> **Records from a data source**:
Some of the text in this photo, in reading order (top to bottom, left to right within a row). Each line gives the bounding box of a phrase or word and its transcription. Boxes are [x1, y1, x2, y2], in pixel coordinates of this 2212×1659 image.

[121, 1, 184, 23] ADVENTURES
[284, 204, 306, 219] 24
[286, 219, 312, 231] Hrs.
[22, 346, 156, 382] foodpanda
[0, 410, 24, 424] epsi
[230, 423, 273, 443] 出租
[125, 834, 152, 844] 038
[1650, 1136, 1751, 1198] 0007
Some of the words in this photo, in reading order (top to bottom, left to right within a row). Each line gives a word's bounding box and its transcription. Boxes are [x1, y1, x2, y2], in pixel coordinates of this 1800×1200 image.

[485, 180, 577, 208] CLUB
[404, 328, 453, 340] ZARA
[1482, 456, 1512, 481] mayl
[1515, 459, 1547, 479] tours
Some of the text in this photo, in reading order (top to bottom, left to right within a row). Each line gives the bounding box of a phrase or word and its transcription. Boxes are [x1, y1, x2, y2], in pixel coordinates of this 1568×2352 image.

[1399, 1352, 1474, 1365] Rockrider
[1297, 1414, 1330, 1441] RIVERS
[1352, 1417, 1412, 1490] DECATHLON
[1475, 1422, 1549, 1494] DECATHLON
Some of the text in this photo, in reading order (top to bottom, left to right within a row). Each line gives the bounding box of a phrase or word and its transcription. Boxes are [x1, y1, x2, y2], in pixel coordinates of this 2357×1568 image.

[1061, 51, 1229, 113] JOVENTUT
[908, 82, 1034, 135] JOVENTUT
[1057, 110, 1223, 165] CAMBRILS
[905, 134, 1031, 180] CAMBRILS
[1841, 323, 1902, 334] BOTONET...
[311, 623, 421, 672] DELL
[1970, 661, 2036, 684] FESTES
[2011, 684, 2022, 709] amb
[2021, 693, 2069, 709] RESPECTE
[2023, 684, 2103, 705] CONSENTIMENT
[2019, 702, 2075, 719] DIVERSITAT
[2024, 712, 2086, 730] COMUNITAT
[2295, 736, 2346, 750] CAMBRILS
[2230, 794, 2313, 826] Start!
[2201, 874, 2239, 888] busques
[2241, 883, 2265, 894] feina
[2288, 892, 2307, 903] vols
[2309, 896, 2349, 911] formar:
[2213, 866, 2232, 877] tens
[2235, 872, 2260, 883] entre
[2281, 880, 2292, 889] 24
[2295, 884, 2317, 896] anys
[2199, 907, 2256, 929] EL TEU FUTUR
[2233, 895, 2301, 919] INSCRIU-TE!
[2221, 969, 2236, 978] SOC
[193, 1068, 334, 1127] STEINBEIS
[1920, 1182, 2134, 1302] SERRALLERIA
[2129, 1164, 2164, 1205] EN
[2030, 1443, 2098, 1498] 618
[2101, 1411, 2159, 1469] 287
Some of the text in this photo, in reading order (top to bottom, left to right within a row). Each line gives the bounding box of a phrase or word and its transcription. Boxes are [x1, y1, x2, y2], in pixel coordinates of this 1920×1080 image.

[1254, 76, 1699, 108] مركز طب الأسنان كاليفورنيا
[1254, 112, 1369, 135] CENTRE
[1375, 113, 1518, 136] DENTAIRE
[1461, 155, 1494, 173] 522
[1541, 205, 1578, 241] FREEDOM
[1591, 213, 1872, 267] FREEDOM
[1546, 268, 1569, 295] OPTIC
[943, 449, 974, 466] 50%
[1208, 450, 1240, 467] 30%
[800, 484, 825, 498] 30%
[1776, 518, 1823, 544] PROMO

> **Problem details**: Transcribe every record above exactly.

> **Answer below**:
Some of the text in this photo, in reading order (top to bottom, left to right within a row). Each line gives the bounding box of a phrase or word and its transcription. Boxes are [x1, y1, x2, y2], in pixel coordinates of this 2212×1659 image.

[121, 1, 184, 23] ADVENTURES
[284, 204, 306, 219] 24
[286, 219, 312, 231] Hrs.
[22, 346, 156, 382] foodpanda
[0, 410, 24, 424] epsi
[230, 423, 273, 443] 出租
[125, 834, 152, 844] 038
[1650, 1136, 1751, 1198] 0007
Some of the words in this photo, in reading order (top to bottom, left to right within a row). Each line gives a word's bounding box and its transcription. Boxes are [x1, y1, x2, y2], in pixel coordinates of this 1800×1200 image.

[485, 180, 577, 208] CLUB
[404, 328, 453, 340] ZARA
[1482, 456, 1512, 481] mayl
[1515, 459, 1547, 479] tours
Some of the text in this photo, in reading order (top to bottom, left to right within a row). Each line gives the bounding box of a phrase or word and its transcription. Boxes are [x1, y1, x2, y2], in pixel coordinates of this 1568×2352 image.

[1399, 1352, 1474, 1365] Rockrider
[1297, 1414, 1330, 1441] RIVERS
[1352, 1417, 1412, 1490] DECATHLON
[1475, 1422, 1549, 1494] DECATHLON
Some of the text in this photo, in reading order (top to bottom, left to right within a row). Each line gives the bounding box of a phrase or word and its transcription. Boxes are [x1, y1, x2, y2], in pixel coordinates of this 2357×1568 image.

[1061, 51, 1229, 113] JOVENTUT
[908, 82, 1034, 135] JOVENTUT
[1057, 110, 1223, 165] CAMBRILS
[905, 134, 1031, 180] CAMBRILS
[1841, 323, 1902, 334] BOTONET...
[311, 623, 421, 672] DELL
[1970, 661, 2036, 684] FESTES
[2011, 684, 2022, 709] amb
[2021, 693, 2069, 709] RESPECTE
[2023, 684, 2103, 705] CONSENTIMENT
[2019, 702, 2075, 719] DIVERSITAT
[2024, 712, 2086, 730] COMUNITAT
[2295, 736, 2346, 750] CAMBRILS
[2230, 794, 2313, 826] Start!
[2201, 874, 2239, 888] busques
[2241, 883, 2265, 894] feina
[2288, 892, 2307, 903] vols
[2309, 896, 2349, 911] formar:
[2213, 866, 2232, 877] tens
[2235, 872, 2260, 883] entre
[2281, 880, 2292, 889] 24
[2295, 884, 2317, 896] anys
[2199, 907, 2256, 929] EL TEU FUTUR
[2233, 895, 2301, 919] INSCRIU-TE!
[2221, 969, 2236, 978] SOC
[193, 1068, 334, 1127] STEINBEIS
[1920, 1182, 2134, 1302] SERRALLERIA
[2129, 1164, 2164, 1205] EN
[2030, 1443, 2098, 1498] 618
[2101, 1411, 2159, 1469] 287
Some of the text in this photo, in reading order (top to bottom, left to right within a row). Each line gives the bounding box of a phrase or word and its transcription. Boxes are [x1, y1, x2, y2], in pixel coordinates of this 1920×1080 image.

[1254, 76, 1699, 108] مركز طب الأسنان كاليفورنيا
[1254, 112, 1369, 135] CENTRE
[1375, 113, 1518, 136] DENTAIRE
[1461, 155, 1494, 173] 522
[1541, 205, 1578, 241] FREEDOM
[1591, 213, 1872, 267] FREEDOM
[1546, 268, 1569, 295] OPTIC
[943, 449, 974, 466] 50%
[1208, 450, 1240, 467] 30%
[800, 484, 825, 498] 30%
[1776, 518, 1823, 544] PROMO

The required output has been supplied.